After graduating Massena High in 1971, Cindy Sullivan dreamed of being a professional golfer. She even moved to California and started training for a pro career. But just a couple of years later, she was in Ecuador, South America, as a Peace Corps volunteer.

So, what happened?

“I didn’t want playing golf to be like work,” she said with a laugh. “I wanted to play golf for fun.”

And “something else” happened to her in California. She said that “something” went all the way back to her education at Sacred Heart School in Massena.

“Because if you’re of a Catholic background, you’re always hearing about service to others, doing something for others,” she said.

Once in Ecuador, she felt the pull of service to others even more strongly.

“I had thought I was calling the shots,” she said. “But God was calling the shots.”

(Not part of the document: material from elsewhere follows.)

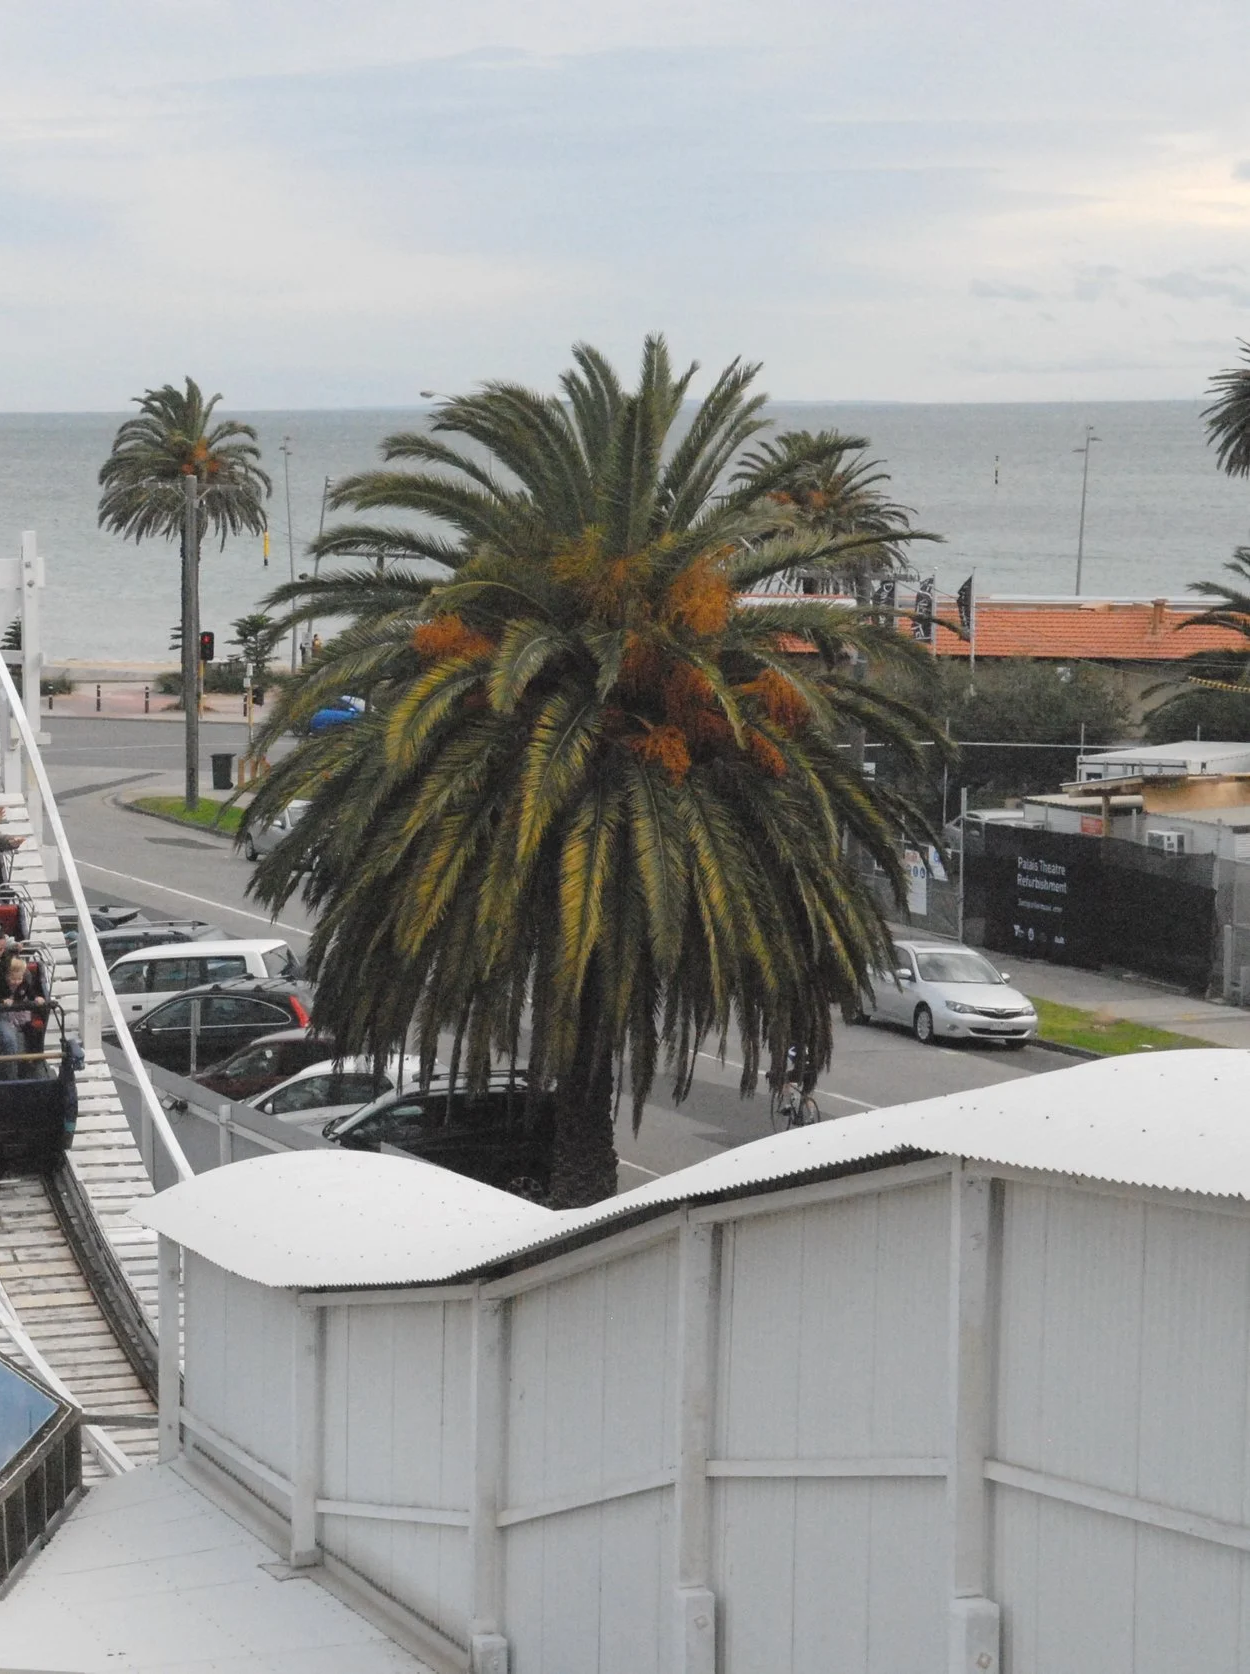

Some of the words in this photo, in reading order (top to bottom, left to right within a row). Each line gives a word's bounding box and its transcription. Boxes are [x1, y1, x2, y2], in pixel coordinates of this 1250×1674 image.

[1017, 856, 1039, 872] Palais
[1039, 859, 1066, 876] Theatre
[1017, 873, 1067, 894] Refurbishment
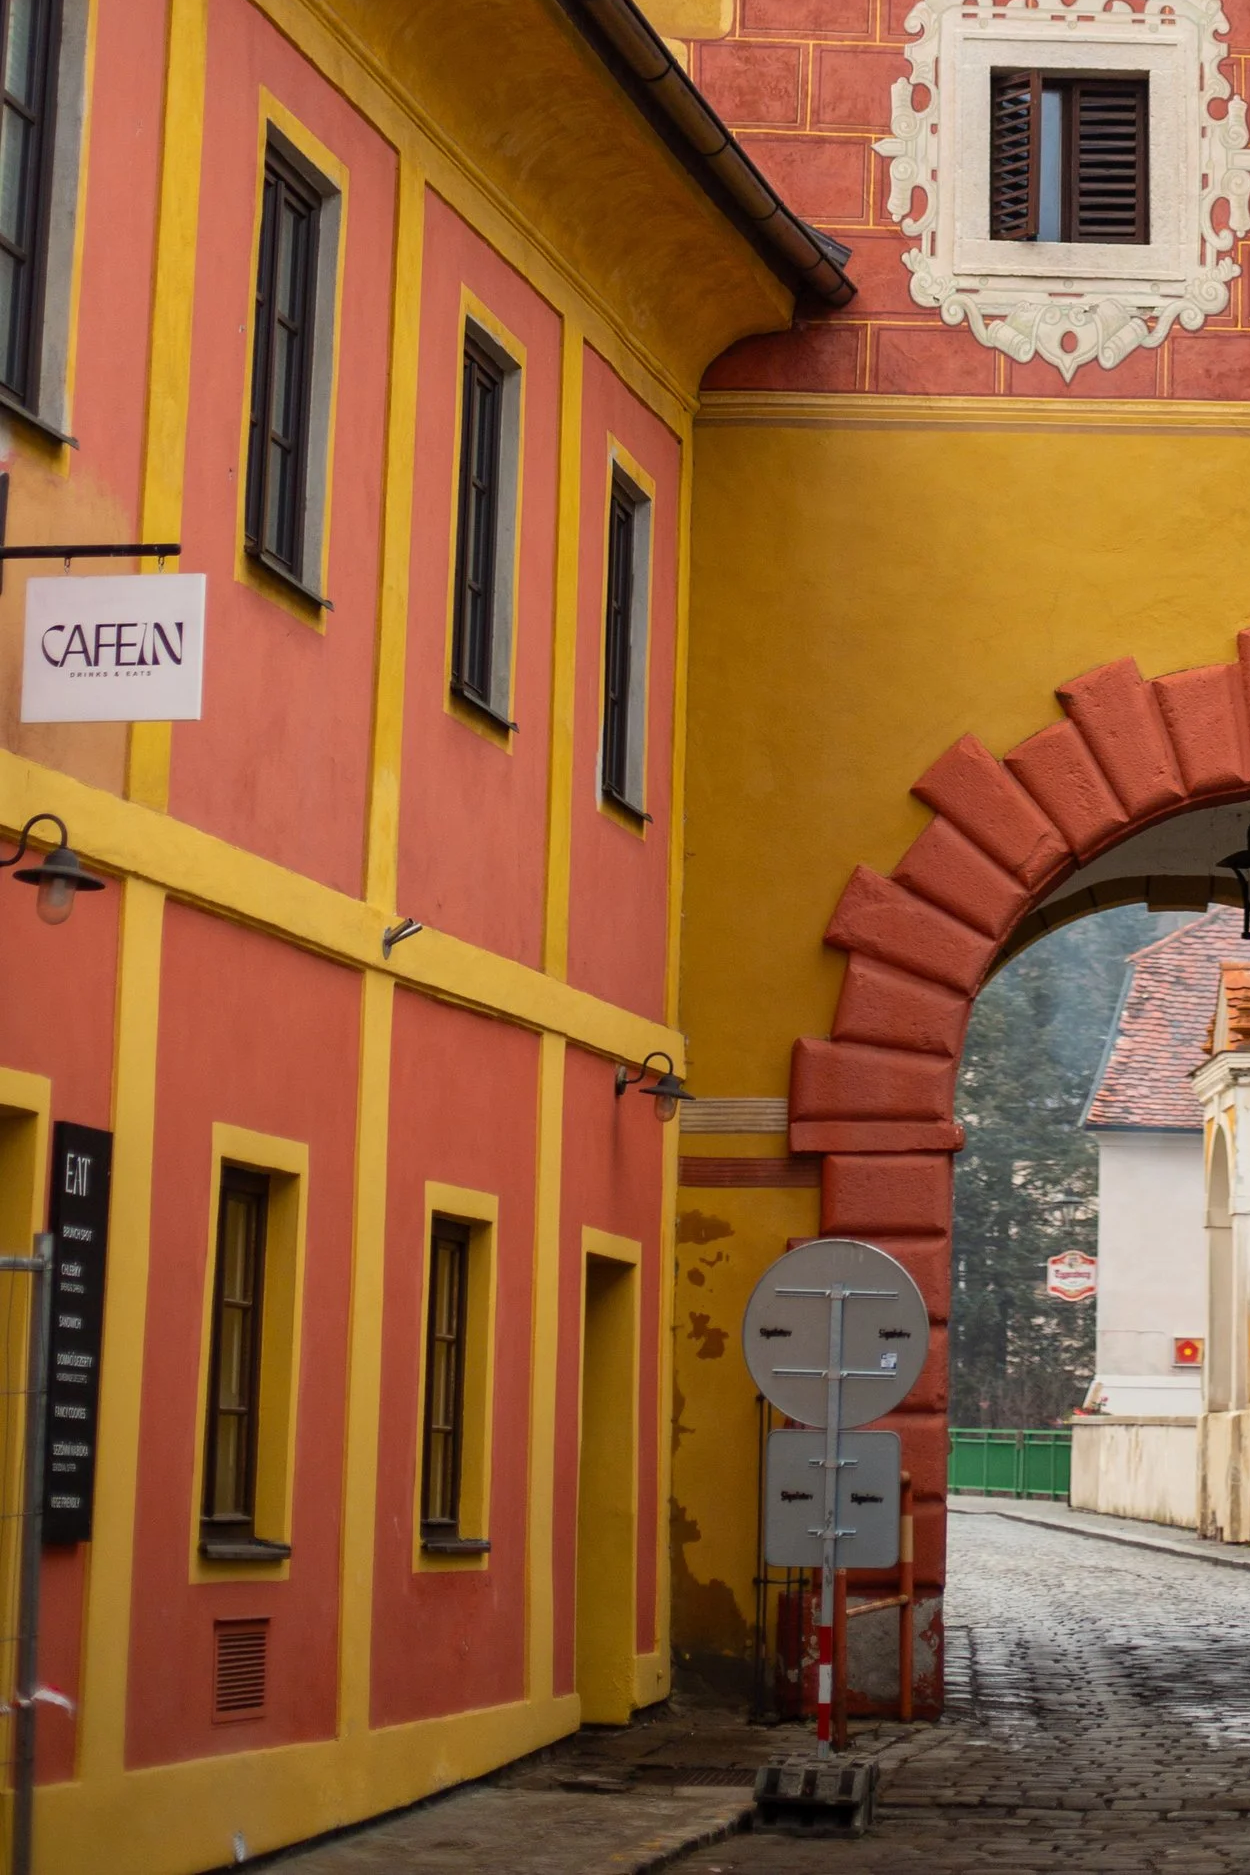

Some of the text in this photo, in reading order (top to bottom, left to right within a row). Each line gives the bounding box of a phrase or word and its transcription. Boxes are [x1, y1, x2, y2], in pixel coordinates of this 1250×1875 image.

She worked closely with priests and sisters in service to the poorest of the poor in Quito, a city of 3 million people. Those priests were Jesuits, and the sisters were Sisters of Charity of the Blessed Virgin Mary, also known as the BVMs.

“Working with them, I knew I had a vocation,” she said.

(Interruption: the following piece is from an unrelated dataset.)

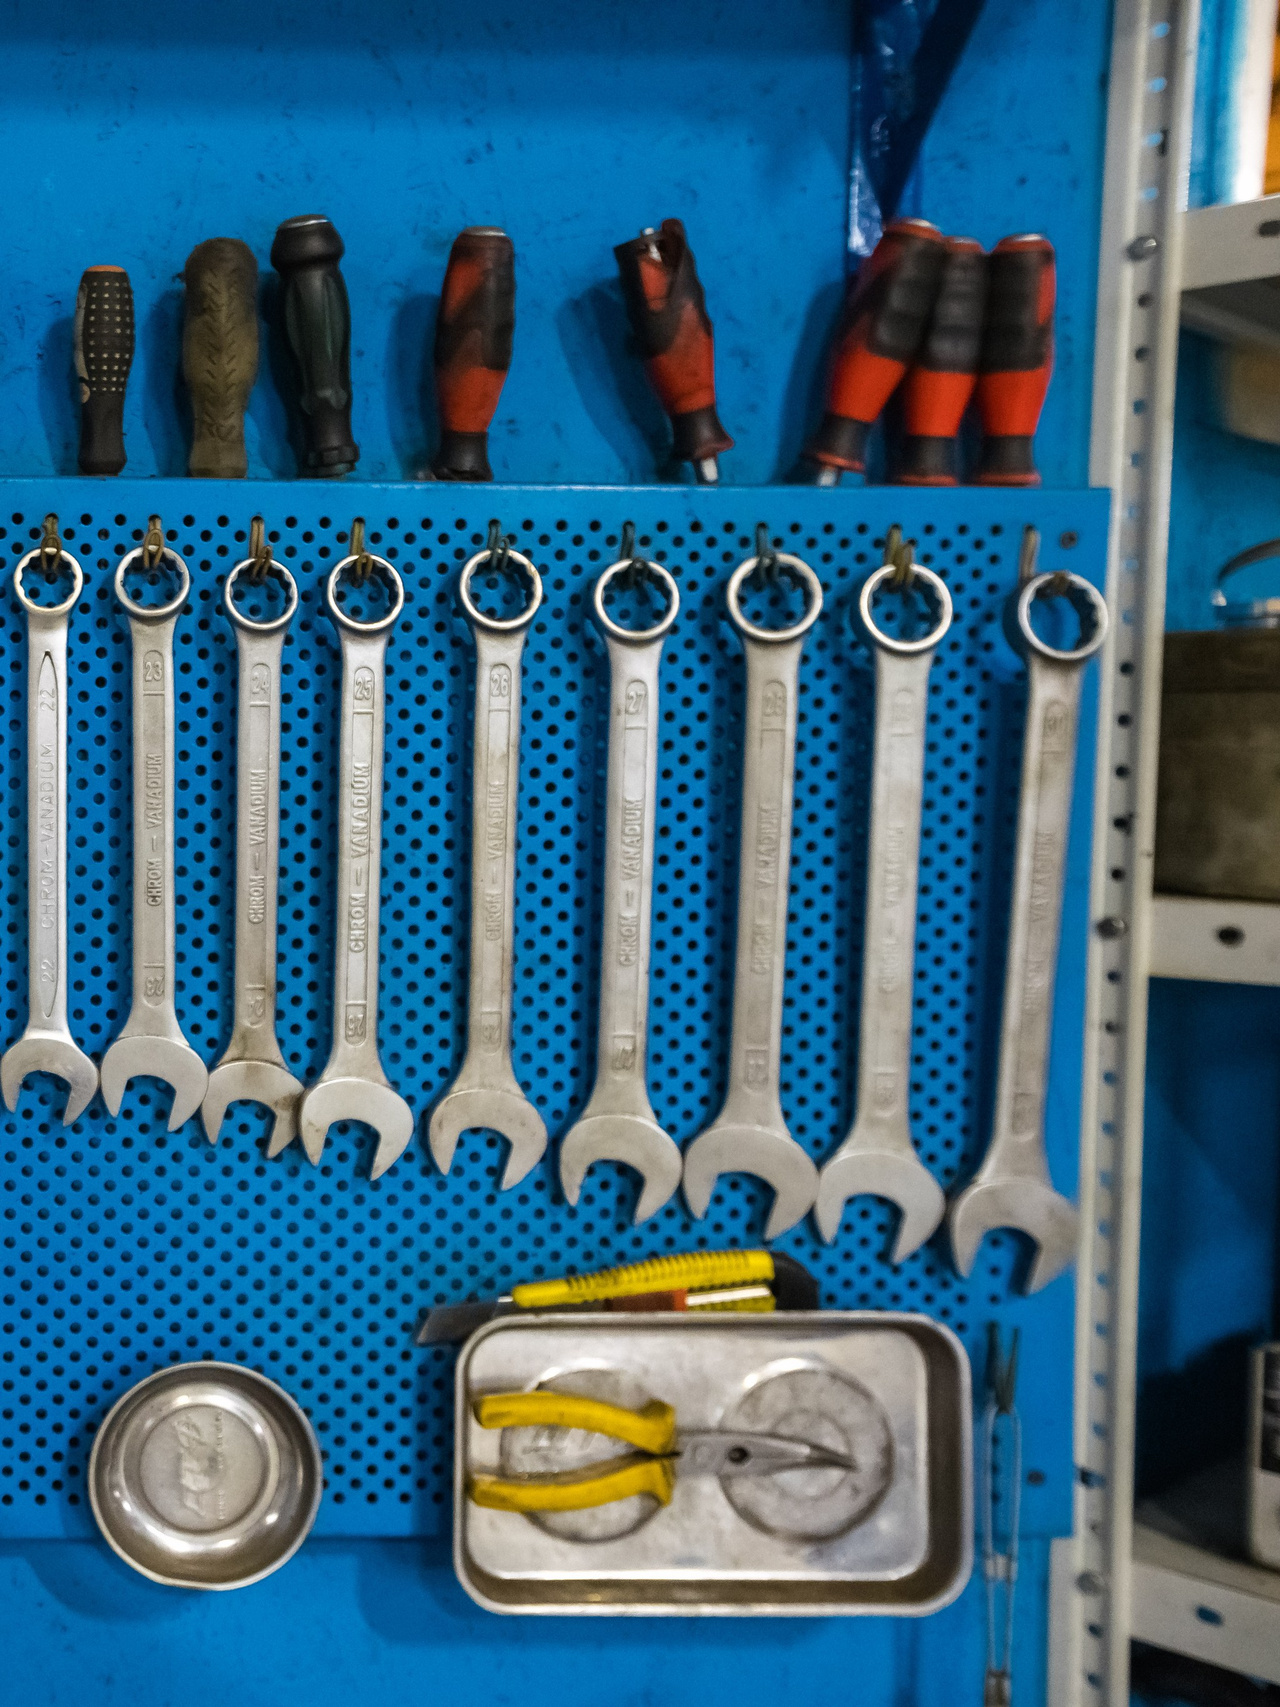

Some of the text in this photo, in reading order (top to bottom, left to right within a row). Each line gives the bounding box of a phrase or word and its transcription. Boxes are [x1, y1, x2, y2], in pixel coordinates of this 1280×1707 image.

After finishing her four-year stint with the Peace Corps, she would return to the United States to serve a three-year novitiate with the BVMs. She took first vows three years later, and then it was back to Ecuador. This time it was not as a Peace Corps volunteer, but as Sister Cindy Sullivan, BVM. She would spend the next four decades there working to better the lives of shoe-shine boys, their families and others.

She related all this on a recent morning at Massena Meals On Wheels.

She took up the director’s post there in 2017 when she returned from Ecuador to Massena to look after her aging parents in Louisville. At Massena Meals On Wheels, she’s in charge of an organization preparing 80 meals a day and the 55 volunteer drivers getting them to seniors.

She’ll be giving up her Meals On Wheels job at the end of this year.

Meals On Wheels will remain in good hands. Head cook Stacie Sweet will take over the director’s job.

Sister Cindy needs more time to devote to her parents’ care. And she’ll continue to work as the Sisters of Charity of the Blessed Virgin Mary’s chief fundraiser for the Ecuadorian missions.

Those missions continue the kind of work she did for more than 40 years. They focus on education that will allow the poor families of Quito to make a living in a city that sees others like them streaming in from around the continent. The BVMs also serve those with Hansen’s disease in the coastal city of Guayaquil.

In her day, Sister Cindy in Quito taught carpentry for toy making, baking, religion, music and more. She and her fellow mission workers also served up three meals a day for 2,000 people six days a week. On weekends, they organized house building.

Sister Cindy is a vivacious woman who laughs frequently as she tells her story. It’s obvious she enjoys serving the elderly in Massena, but that her heart remains with the poor in Quito. That’s why she’ll continue on as fundraiser for the missions there.

As she talks about her journey and vocation, she wonders how exactly a kid obsessed with sports in Massena got to go the places she went and do the things she did. And she has some advice for other young people who might feel the same call to service as she did 50 years ago.

“I think if they open their eyes to what’s around them, they’ll find a tremendous number of opportunities for service,” she said.

For those specifically interested in serving people as a religious, she advises checking out the different charisms of the orders. Each has its own. A young person should make sure the charism and mission match up with their own, she said.

And place your trust in God. And go where he leads.

“He had me go to these places,” she said. “It was an adventure. Everything was so different. So totally different from what I’d known.”